The Boeing Co.’s decision to trim back production of its wide-body 777 jet is likely to bring bad news for employment at its plant in Everett, Wash., while a boost in the company’s quarterly dividend should come as good news for investors.
The bad-news, good-news situation was laid out on Monday, sparking ups and downs in Boeing’s share price. By the end of today’s trading, the price was slightly down.
The planned cutback in 777 production from the current 8.3 jets per month to five per month next August points to a dramatic softening in the market for twin-aisle, wide-body jets. Production of Boeing’s 747 jumbo jets has been reduced as well. “The twin-aisle market is glutted,” Teal Group analyst Richard Aboulafia told Reuters.
The Seattle Times reported that the Boeing vice president responsible for the 777 program, Elizabeth Lund, told employees in a message to expect job reductions next year. “The exact number of affected positions has not yet been determined,” Lund was quoted as saying. “We will do our best to lessen the impact.”
Boeing Commercial Airplanes’ employment figures have already fallen by more than 5,000 jobs since the start of the year.
The 777 production rate is slated to drop further in 2018, to 3.5 planes a month, to accommodate the transition to 777X production.
The continuing softness in the market means that Boeing’s sale of 30 wide-body jets to Iran Air is more important than ever. This year the GOP-led House passed legislation aimed at blocking airplane sales to Iran – but the bill was stymied in the Senate, and it’s not clear whether the effort will be renewed next year.
Meanwhile, Boeing is moving ahead with plans to ramp up production of single-aisle 737 jets at its Renton plant.
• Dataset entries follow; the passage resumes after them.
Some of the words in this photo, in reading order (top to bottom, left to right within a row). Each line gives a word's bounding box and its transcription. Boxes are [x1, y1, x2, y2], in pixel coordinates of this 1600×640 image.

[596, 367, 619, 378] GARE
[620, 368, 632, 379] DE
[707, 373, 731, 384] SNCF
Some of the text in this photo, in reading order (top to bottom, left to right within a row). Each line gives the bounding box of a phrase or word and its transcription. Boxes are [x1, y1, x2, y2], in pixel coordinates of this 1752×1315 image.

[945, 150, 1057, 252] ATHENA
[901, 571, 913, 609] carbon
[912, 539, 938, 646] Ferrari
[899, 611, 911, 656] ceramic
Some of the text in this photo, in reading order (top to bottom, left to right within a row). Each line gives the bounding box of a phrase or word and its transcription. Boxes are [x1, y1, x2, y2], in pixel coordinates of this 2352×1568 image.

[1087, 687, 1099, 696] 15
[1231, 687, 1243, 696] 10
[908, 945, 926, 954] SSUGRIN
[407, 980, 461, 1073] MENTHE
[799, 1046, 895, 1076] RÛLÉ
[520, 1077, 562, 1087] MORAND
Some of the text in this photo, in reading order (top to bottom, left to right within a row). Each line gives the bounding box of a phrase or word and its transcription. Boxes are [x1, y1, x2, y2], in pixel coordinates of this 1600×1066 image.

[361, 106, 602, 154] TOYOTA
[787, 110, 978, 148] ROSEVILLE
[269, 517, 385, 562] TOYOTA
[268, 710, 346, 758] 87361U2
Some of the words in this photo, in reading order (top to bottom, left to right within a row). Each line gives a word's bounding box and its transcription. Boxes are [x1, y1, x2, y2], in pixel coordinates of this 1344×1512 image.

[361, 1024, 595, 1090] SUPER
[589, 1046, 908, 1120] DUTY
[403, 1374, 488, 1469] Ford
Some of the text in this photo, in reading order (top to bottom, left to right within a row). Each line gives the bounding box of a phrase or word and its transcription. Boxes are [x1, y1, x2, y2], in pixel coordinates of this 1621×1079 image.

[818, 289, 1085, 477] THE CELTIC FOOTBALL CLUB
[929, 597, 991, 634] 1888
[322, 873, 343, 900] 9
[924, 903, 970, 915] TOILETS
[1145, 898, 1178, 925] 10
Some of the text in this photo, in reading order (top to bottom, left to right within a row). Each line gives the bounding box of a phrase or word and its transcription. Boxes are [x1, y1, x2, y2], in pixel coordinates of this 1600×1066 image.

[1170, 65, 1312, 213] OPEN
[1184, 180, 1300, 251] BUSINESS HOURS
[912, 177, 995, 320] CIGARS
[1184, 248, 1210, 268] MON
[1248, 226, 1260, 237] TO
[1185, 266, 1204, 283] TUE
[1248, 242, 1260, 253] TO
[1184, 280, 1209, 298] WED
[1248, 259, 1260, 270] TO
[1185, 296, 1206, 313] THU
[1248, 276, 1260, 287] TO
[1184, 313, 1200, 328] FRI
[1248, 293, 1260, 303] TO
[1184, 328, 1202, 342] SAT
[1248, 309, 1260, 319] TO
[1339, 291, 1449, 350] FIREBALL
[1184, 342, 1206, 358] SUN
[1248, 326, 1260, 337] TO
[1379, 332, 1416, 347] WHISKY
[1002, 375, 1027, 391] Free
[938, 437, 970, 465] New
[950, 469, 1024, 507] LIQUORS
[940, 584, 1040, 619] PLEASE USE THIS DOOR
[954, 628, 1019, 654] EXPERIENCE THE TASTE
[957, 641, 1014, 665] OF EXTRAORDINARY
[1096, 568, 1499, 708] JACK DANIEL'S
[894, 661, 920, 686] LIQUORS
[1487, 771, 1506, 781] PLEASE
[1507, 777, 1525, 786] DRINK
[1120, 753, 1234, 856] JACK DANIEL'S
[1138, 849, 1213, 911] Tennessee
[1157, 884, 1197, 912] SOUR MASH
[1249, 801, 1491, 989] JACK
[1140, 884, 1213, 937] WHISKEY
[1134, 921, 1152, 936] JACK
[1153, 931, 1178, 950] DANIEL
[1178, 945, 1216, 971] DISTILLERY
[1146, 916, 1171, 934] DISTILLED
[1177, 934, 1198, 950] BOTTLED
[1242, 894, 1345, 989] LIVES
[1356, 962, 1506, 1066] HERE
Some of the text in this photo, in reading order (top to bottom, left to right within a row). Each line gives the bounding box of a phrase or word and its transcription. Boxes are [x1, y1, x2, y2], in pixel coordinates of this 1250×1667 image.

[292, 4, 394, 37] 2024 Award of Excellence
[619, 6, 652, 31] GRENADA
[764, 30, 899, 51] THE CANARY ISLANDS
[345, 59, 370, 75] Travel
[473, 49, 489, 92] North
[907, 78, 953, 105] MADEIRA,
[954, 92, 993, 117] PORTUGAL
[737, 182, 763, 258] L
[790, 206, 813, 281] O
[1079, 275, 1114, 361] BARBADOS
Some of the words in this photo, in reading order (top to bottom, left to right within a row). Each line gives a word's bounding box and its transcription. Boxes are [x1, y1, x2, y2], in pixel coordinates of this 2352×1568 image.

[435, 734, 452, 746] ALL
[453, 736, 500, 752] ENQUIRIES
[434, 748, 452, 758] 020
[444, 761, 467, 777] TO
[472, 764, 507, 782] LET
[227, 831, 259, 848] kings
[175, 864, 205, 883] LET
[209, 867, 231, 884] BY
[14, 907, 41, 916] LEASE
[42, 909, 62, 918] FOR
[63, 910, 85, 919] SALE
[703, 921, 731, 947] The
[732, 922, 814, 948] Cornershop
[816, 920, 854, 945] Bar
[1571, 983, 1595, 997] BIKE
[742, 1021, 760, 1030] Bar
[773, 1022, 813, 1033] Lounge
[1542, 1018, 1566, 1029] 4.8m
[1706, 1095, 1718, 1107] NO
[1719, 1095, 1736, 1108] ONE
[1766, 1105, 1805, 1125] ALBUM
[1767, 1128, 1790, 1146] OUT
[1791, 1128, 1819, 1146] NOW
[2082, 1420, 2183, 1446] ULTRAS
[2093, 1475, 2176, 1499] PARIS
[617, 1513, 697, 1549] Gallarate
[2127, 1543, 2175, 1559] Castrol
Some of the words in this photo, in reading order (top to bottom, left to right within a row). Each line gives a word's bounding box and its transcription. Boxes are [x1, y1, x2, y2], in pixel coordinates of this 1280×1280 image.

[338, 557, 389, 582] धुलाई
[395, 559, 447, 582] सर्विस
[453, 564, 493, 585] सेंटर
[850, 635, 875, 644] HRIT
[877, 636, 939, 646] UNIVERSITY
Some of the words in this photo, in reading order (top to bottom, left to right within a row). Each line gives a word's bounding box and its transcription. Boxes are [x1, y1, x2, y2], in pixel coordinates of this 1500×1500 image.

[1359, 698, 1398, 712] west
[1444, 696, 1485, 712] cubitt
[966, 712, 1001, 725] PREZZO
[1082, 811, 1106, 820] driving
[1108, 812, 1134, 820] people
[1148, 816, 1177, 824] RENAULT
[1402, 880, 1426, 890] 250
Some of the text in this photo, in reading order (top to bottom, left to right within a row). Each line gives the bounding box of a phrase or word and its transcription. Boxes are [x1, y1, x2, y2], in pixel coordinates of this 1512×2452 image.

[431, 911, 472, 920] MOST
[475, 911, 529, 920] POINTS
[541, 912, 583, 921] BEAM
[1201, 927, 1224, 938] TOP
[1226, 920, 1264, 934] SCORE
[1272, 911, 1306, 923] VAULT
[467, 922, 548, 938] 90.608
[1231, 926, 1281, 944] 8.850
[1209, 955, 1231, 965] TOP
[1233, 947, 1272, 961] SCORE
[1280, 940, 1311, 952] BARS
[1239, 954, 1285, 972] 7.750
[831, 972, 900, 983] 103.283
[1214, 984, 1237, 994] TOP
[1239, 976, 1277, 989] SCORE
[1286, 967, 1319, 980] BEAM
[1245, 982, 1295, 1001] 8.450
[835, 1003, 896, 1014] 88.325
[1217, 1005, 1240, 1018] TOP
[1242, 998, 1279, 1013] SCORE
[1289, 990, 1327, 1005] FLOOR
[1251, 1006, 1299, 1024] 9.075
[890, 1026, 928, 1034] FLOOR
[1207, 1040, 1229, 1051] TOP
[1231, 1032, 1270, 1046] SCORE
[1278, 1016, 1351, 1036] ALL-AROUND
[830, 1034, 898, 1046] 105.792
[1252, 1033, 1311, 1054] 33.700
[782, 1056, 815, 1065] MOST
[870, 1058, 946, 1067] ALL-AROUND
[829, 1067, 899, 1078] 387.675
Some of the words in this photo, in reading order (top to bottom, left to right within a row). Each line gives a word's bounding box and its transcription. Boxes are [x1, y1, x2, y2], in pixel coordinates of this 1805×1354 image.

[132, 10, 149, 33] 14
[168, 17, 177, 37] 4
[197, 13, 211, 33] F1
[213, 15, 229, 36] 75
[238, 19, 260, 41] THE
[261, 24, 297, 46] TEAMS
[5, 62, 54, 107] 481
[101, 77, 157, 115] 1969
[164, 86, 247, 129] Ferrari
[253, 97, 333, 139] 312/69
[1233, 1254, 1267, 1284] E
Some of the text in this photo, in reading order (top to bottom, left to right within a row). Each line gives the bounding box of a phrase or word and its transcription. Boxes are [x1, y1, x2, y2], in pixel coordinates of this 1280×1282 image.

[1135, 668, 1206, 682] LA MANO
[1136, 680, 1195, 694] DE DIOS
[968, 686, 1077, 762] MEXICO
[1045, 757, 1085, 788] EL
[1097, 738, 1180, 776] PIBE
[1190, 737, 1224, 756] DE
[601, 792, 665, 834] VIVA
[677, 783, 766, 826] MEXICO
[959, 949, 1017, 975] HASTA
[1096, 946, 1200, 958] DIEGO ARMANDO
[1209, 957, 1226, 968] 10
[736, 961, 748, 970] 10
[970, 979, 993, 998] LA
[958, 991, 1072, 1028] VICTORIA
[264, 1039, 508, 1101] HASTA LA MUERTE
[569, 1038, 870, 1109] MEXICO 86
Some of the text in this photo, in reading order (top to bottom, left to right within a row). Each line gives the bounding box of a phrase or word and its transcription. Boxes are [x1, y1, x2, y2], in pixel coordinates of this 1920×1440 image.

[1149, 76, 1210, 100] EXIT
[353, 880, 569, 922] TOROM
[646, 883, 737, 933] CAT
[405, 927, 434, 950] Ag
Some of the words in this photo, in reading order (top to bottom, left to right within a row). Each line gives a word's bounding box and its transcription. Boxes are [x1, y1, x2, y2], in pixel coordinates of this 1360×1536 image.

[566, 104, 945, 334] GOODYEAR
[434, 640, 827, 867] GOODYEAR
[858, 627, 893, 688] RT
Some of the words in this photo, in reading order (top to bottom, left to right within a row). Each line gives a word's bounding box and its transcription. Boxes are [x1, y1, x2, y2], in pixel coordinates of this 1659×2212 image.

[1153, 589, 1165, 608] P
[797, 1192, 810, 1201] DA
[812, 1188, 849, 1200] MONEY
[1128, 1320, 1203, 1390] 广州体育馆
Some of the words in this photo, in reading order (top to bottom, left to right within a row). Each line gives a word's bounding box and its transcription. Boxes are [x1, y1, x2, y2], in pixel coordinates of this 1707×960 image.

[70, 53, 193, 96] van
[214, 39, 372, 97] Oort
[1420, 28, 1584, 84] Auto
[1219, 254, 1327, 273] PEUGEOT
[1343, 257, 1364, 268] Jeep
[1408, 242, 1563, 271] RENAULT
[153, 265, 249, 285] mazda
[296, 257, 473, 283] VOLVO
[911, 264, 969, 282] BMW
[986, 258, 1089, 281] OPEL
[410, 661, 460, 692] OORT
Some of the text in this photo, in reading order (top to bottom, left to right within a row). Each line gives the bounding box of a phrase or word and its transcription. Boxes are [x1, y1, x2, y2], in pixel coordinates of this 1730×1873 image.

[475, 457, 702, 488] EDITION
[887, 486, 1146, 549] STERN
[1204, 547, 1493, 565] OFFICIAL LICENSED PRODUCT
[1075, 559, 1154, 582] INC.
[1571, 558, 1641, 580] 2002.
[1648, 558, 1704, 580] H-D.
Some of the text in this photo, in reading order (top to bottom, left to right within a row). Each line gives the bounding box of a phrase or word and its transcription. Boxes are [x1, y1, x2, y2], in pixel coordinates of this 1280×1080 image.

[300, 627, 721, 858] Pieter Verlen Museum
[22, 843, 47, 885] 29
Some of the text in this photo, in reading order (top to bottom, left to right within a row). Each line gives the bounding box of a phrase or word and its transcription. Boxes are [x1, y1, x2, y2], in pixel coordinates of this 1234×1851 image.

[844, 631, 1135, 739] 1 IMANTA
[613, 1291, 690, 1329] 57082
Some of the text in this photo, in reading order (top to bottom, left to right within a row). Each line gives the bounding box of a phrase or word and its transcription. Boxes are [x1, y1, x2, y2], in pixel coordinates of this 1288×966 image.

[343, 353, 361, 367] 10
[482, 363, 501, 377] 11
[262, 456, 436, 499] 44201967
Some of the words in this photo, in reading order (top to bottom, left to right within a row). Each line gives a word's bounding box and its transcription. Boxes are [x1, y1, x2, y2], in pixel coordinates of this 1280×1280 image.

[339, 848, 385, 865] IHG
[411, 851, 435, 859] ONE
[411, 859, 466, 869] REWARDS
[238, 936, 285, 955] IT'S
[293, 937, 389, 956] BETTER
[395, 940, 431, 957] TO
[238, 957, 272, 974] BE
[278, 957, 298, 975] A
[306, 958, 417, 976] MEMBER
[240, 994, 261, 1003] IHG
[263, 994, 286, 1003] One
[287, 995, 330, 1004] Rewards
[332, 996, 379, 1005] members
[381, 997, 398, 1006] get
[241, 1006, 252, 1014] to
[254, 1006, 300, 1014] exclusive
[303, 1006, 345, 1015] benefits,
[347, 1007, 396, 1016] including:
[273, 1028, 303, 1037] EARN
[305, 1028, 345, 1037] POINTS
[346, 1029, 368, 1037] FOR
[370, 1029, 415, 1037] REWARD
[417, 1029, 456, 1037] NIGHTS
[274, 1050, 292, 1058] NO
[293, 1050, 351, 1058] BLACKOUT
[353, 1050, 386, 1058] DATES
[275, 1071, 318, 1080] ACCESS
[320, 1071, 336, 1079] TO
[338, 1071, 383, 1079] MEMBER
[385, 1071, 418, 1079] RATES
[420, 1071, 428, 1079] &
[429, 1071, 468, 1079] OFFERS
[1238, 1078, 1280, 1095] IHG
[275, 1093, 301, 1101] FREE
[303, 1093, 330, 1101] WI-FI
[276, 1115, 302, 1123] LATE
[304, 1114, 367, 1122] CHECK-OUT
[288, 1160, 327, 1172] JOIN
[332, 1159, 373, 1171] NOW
Iran Air wants 50 of the 737 MAX 8 variant.
In a news release announcing the increased dividend, Boeing CEO Dennis Muilenburg touted the company’s “large and diverse” order backlog and improved efficiency. “Boeing is well positioned to generate increasing cash flows and meet our commitment to provide competitive returns to our shareholders,” he said.
Boeing’s board of directors decided to boost the quarterly dividend by 30 percent, to $1.42 per share. The board also authorized spending $14 billion to buy back shares over the next 24 to 30 months. This year, Boeing repurchased $7 billion in shares to boost their value.